I am not sure I could say one or the other; they feel like two sides of the same coin to me. I think we can say that there was a stage in capitalism when the quality of the object sold was as valued as its relative ease of exchange, and that classic advertising photography is the picturing of this condition. A good deal of my work has been involved in extending the logic of this kind of picture making into the present, which is sort of perverse. You end up lavishing all kinds of attention on goods never intended for this kind of scrutiny.  It does produce a rather oblique picture of our consumer economy as well as, at times, suggesting an uncanny other. And probably more to the point, I do find myself interested in objects that feel wrongly situated in front of the camera.

Utilising various digital tools to intervene in the image has increasingly become part of your pictorial vocabulary. You undoubtedly do seem to be addressing this relatively new photographic environment, so do you see what happens in that virtual space as being in some ways a continuation of what happens in the studio?

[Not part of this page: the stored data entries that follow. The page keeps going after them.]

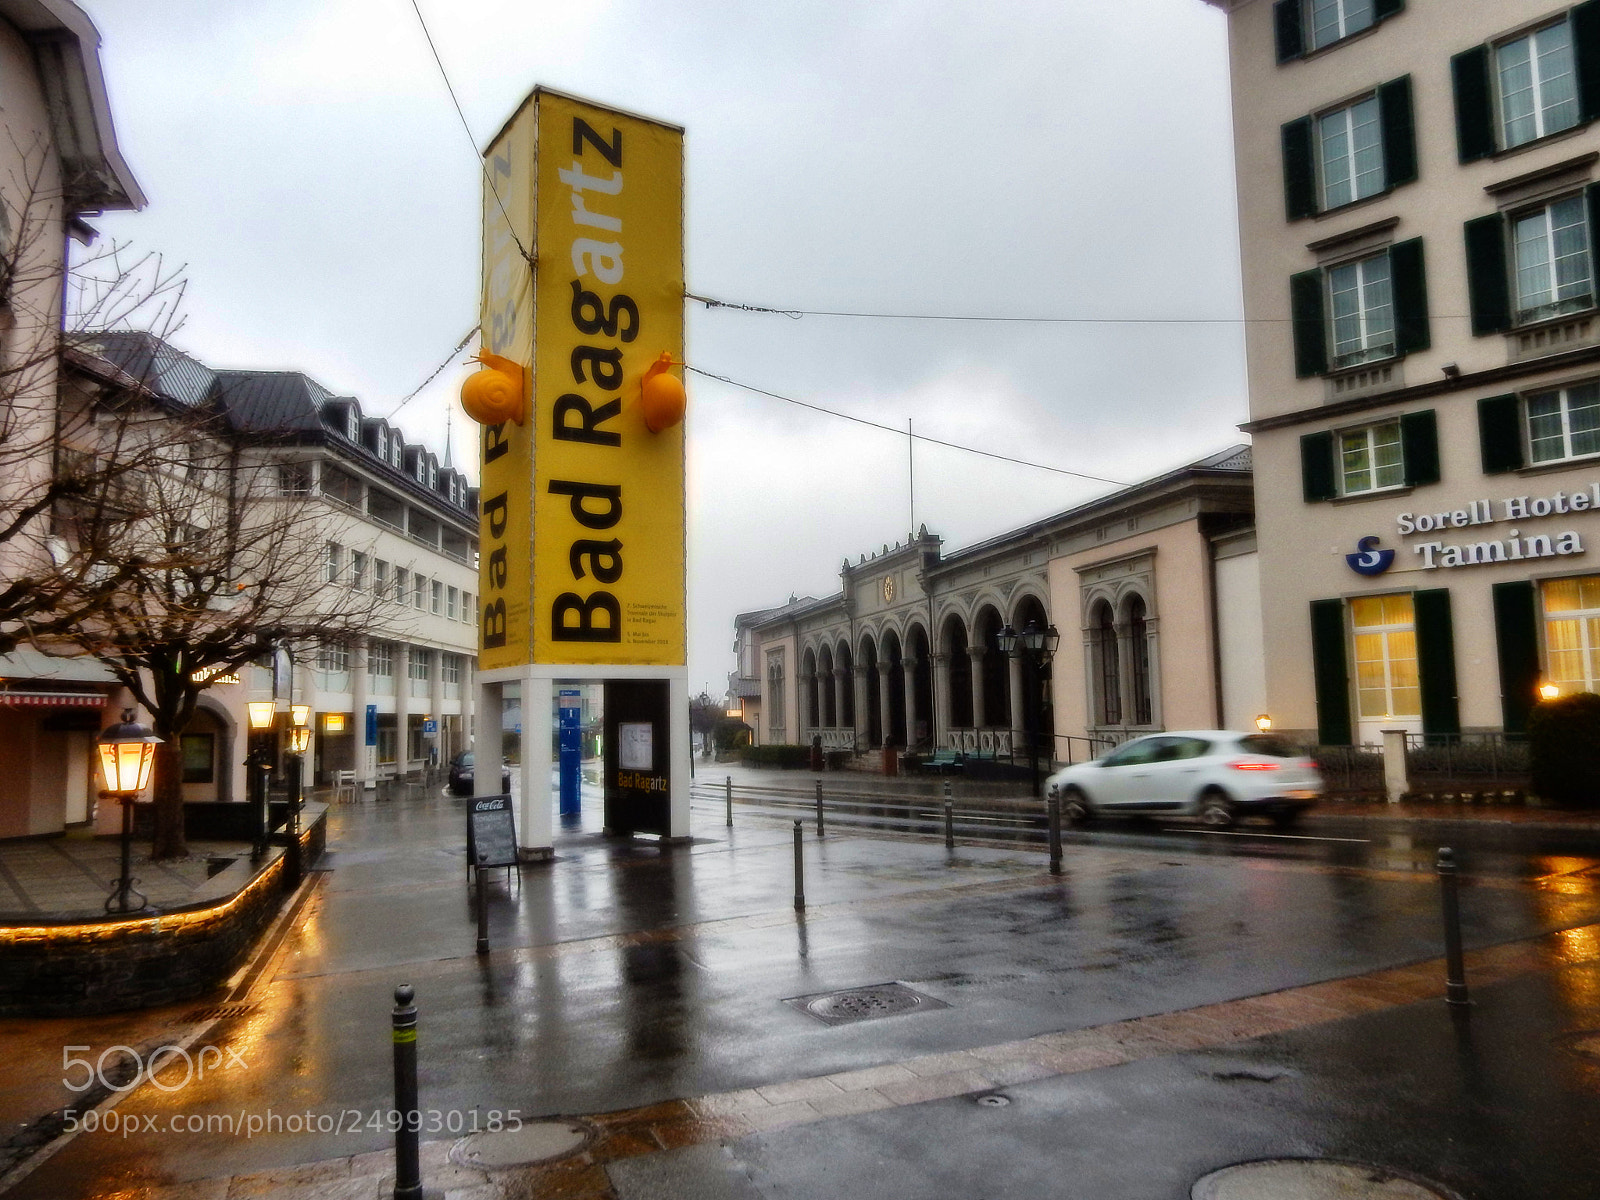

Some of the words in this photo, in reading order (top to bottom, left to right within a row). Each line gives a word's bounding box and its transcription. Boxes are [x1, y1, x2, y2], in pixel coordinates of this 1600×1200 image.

[552, 116, 640, 448] Ragartz
[548, 479, 624, 643] Bad
[1396, 499, 1493, 535] Sorell
[1503, 482, 1600, 520] Hotel
[1413, 528, 1585, 570] Tamina
[483, 490, 508, 650] Bad
[618, 772, 633, 788] Bad
[635, 772, 667, 793] Ragartz

I do. I think about the contemporary photograph as a picture made with an assisted camera. This is an apparatus that includes both the camera and the digital processing of the computer. For me Photoshop is not a post-production tool but a stage of production. Thirty years ago we assigned a different value to a photograph because we understood it to be made in a certain way and now we are coming to deal with a new set of terms. For me, the digital play is a making visible of a layer that we are tacitly aware we are constantly seeing through (when looking at photographs), but which, in most cases, promotes a sense of naturalism even if the image is somehow unbelievable. The strangeness of interrupting the ‘natural view’ is interesting to me partly because it seems that it is this sense of naturalism that we have come to associate with the photographic.

Despite the appreciation of your still-lives, the human figure also plays an important, though perhaps sometimes underestimated, role in your work. Do you see this as being related to ‘portraiture’ in the conventional sense or is it more about examining the particular dynamics of that genre?

Those are more pictures of people than portraits, but there is a relation to the history of portraiture. They are not about seeing someone’s innards, but they are bound up with their subjects in a way that is important. If I were to talk about the object pictures I would say that the picture is not ‘about’ the object but at the same time couldn’t be made without it – the qualities of the object and the situation make the picture possible. In some ways this is a totally redundant thing to say about a photograph, but I think it also describes the way I work.

It might be too general a question, but is there anything you feel that has been as yet unexplored in your work and which you might consider in the future?

Yes, there certainly is, but it is hard to say exactly. I feel like new territory is always an act of invention – it’s hard to see before you get there.

Lucas Blalock is currently showing some new work in the North Gallery I, Inside the White Cube, until 7 July 2013.